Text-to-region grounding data
**********

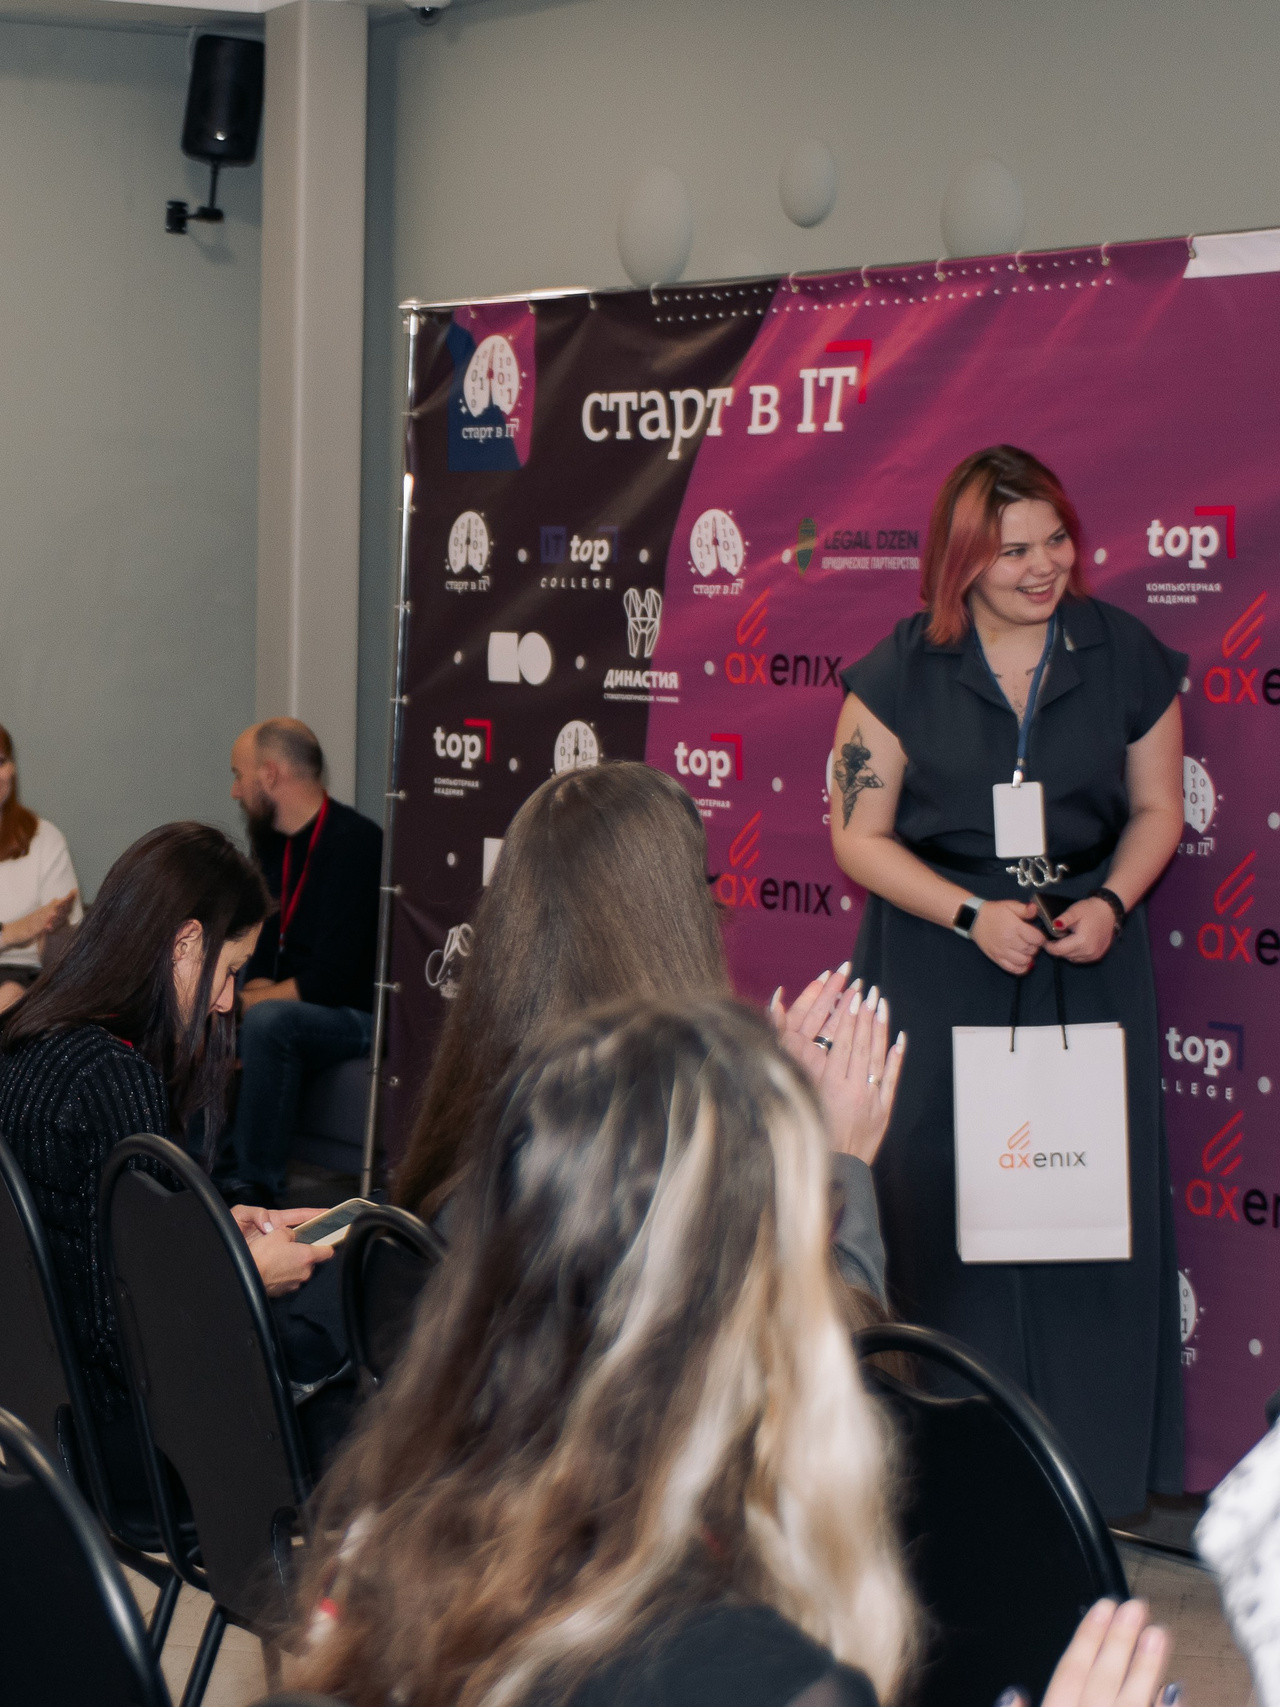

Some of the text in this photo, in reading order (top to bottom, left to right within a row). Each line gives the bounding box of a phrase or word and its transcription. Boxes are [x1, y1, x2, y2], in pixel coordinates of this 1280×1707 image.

[582, 366, 857, 460] старт в IT
[462, 426, 494, 443] старт
[505, 423, 516, 438] IT
[824, 530, 919, 550] LEGAL DZEN
[1146, 519, 1220, 569] top
[570, 534, 610, 571] top
[445, 580, 469, 595] старт
[540, 577, 612, 589] COLLEGE
[693, 583, 721, 598] старт
[1146, 583, 1221, 593] КОМПЬЮТЕРНАЯ
[1147, 595, 1198, 604] АКАДЕМИЯ
[603, 669, 679, 689] ДИНАСТИЯ
[724, 652, 842, 688] axenix
[433, 726, 481, 769] top
[674, 741, 731, 788] top
[695, 798, 731, 808] ЮТЕРНАЯ
[716, 872, 832, 916] axenix
[1165, 1027, 1231, 1076] top
[1161, 1077, 1233, 1101] LLEGE
[998, 1151, 1086, 1169] axenix
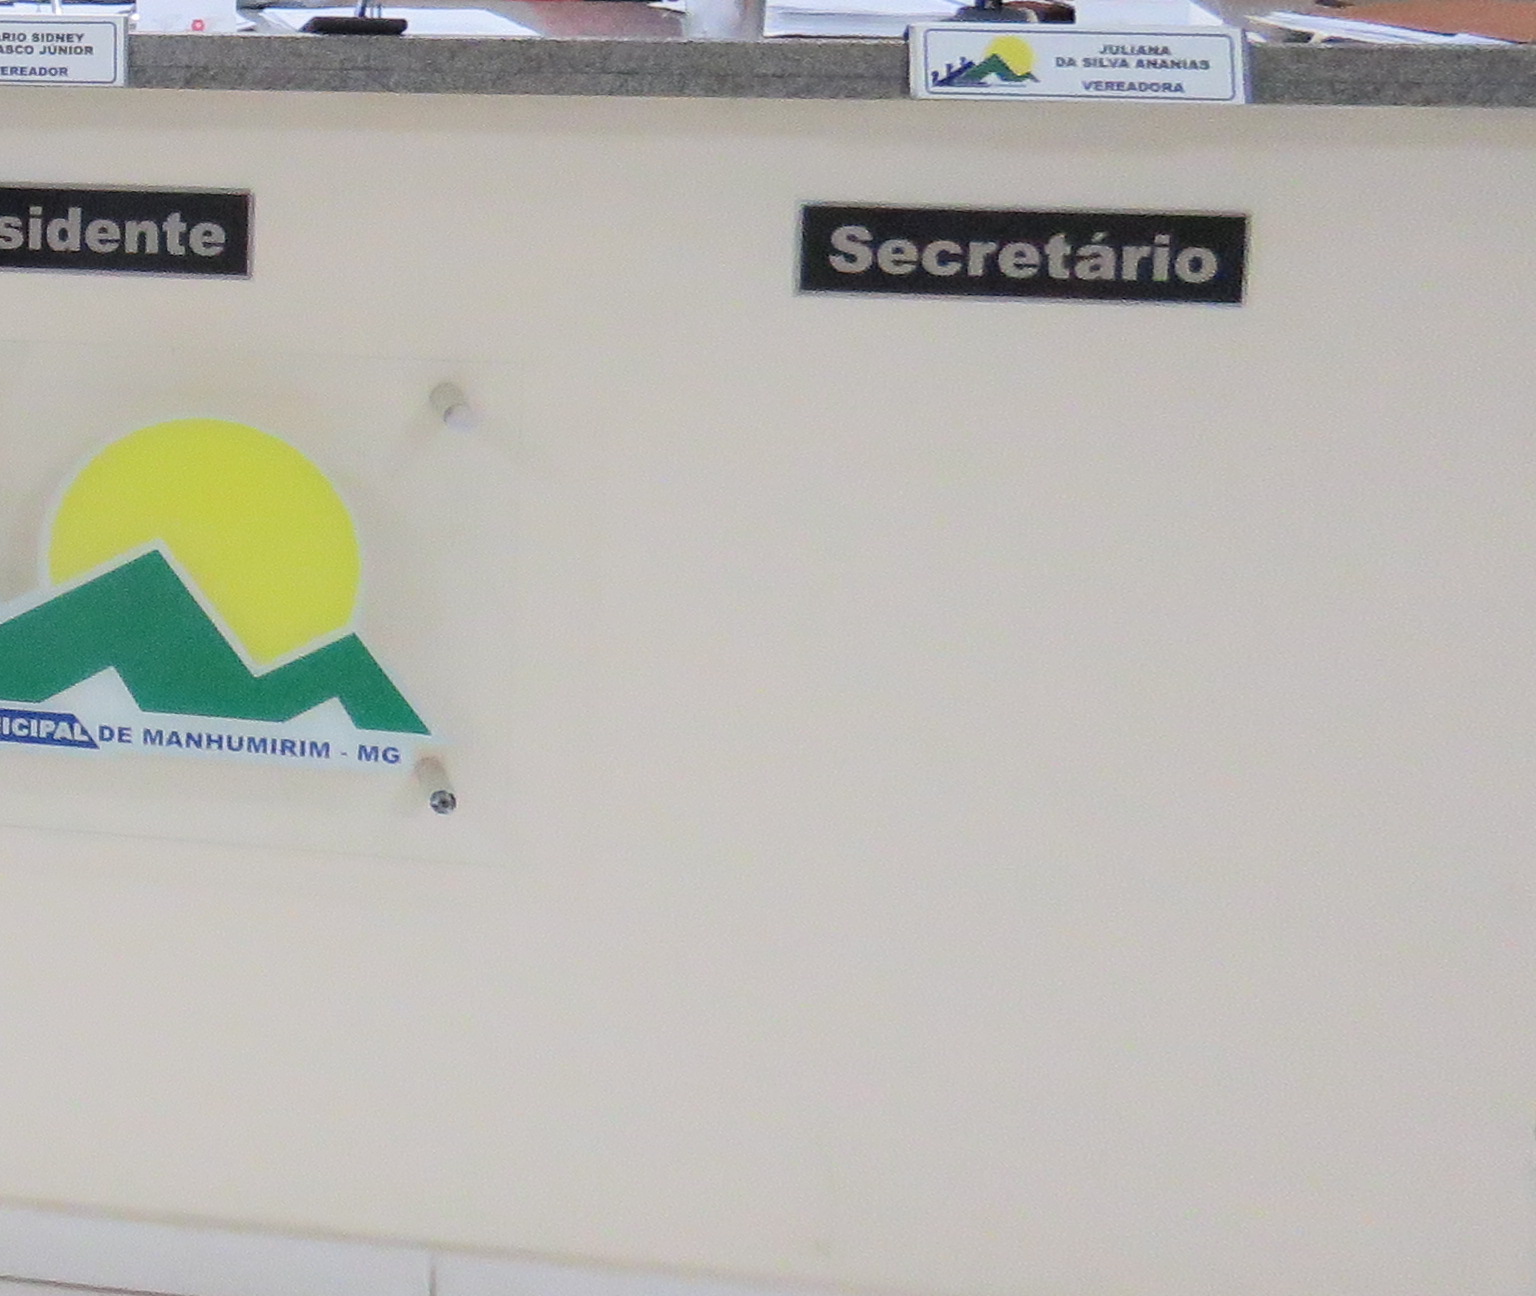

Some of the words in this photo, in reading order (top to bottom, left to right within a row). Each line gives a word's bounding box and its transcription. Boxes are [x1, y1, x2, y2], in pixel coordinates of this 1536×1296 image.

**********

Set the entries down exactly, but not the pictures.

# EXPECTED OUTPUT
Some of the text in this photo, in reading order (top to bottom, left to right within a row). Each line gives the bounding box of a phrase or word and its transcription. Boxes are [x1, y1, x2, y2], in pixel coordinates of this 1280×1707 image.

[582, 366, 857, 460] старт в IT
[462, 426, 494, 443] старт
[505, 423, 516, 438] IT
[824, 530, 919, 550] LEGAL DZEN
[1146, 519, 1220, 569] top
[570, 534, 610, 571] top
[445, 580, 469, 595] старт
[540, 577, 612, 589] COLLEGE
[693, 583, 721, 598] старт
[1146, 583, 1221, 593] КОМПЬЮТЕРНАЯ
[1147, 595, 1198, 604] АКАДЕМИЯ
[603, 669, 679, 689] ДИНАСТИЯ
[724, 652, 842, 688] axenix
[433, 726, 481, 769] top
[674, 741, 731, 788] top
[695, 798, 731, 808] ЮТЕРНАЯ
[716, 872, 832, 916] axenix
[1165, 1027, 1231, 1076] top
[1161, 1077, 1233, 1101] LLEGE
[998, 1151, 1086, 1169] axenix

Some of the words in this photo, in reading order (top to bottom, left to right within a row). Each line gives a word's bounding box and its transcription. Boxes are [x1, y1, x2, y2], in pixel coordinates of this 1536×1296 image.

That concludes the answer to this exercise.